В полдень нас пригласили спуститься вниз, на кухню, где собрали обед. В ресторане в это раннее время еще никого не было, старый Огюст и Шарль уехали в Льеж, а Аннета ушла куда-то. Подавала нам сестра хозяина, пожилая, сильно расплывшаяся женщина с крупным, как у брата, лицом, лоснящимся и суровым, с густыми черными-пречерными усами. Она была, как брат, немногословна, двигалась медленно, но делала все точно и быстро. Она щедро ставила на стол еду, но мы чувствовали бы себя лучше, если бы еды было меньше, а приветливости больше.
Несколько раз на кухне появлялась Мадлен. Перетянутая красным передничком, усеянным белыми горошинками, она склонялась иногда над кастрюлями, тянулась к полкам с посудой, гремела в ящиках висячего шкафа ножами и вилками. И взгляды наши невольно метались за ней, схватывая и запоминая то изящно согнувшийся корпус, то вытянувшиеся на носках и поэтому еще более стройные ноги, то упруго обрисованные бедра. И когда Мадлен разгибалась или поворачивалась в нашу сторону, мы воровато отвертывались и прятали возбужденно горящие глаза в тарелки.

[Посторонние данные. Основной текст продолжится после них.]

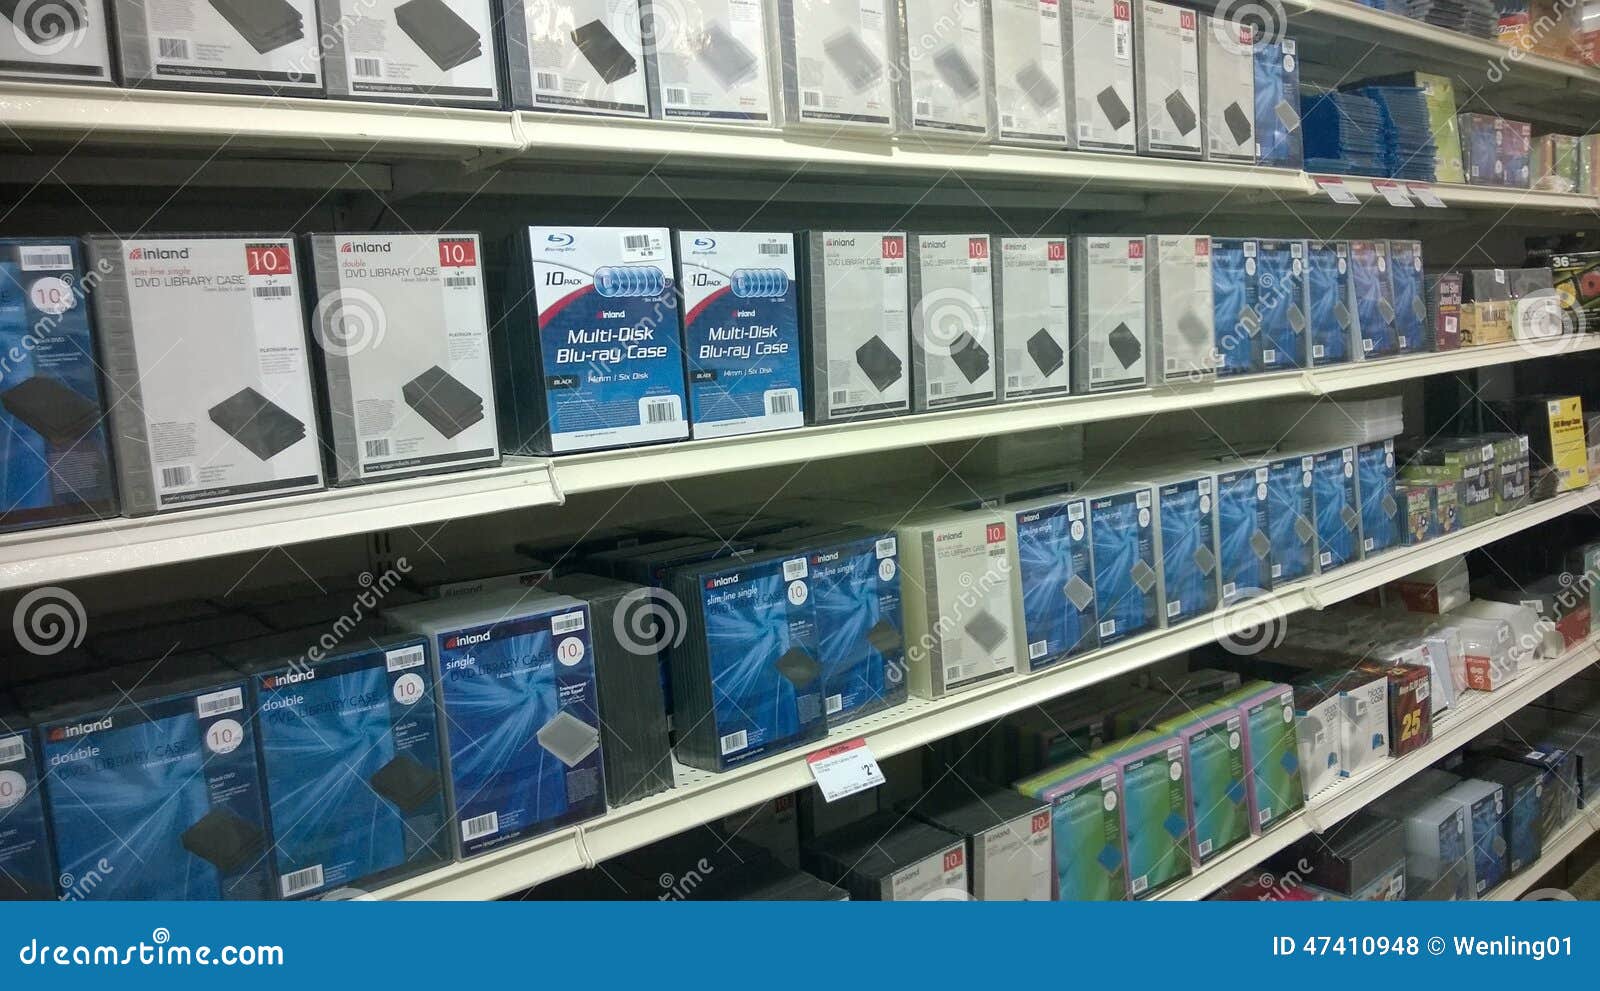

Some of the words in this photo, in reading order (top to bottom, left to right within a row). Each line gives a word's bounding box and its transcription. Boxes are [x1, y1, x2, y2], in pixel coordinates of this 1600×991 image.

После обеда мы снова подошли к слуховому окну и снова всматривались в краснокрыший городок, млеющий под полуденным солнцем. Видели, однако, очень мало: мысленно блуждали внизу, откуда порою доносился звонкий девичий голос или стук ее каблучков по каменным плитам двора.
- Красивая, - тихо, почти про себя, проговорил вдруг Георгий и вздохнул. Хотя я знал, кого он имеет в виду, переспросил:
- Ты о ком?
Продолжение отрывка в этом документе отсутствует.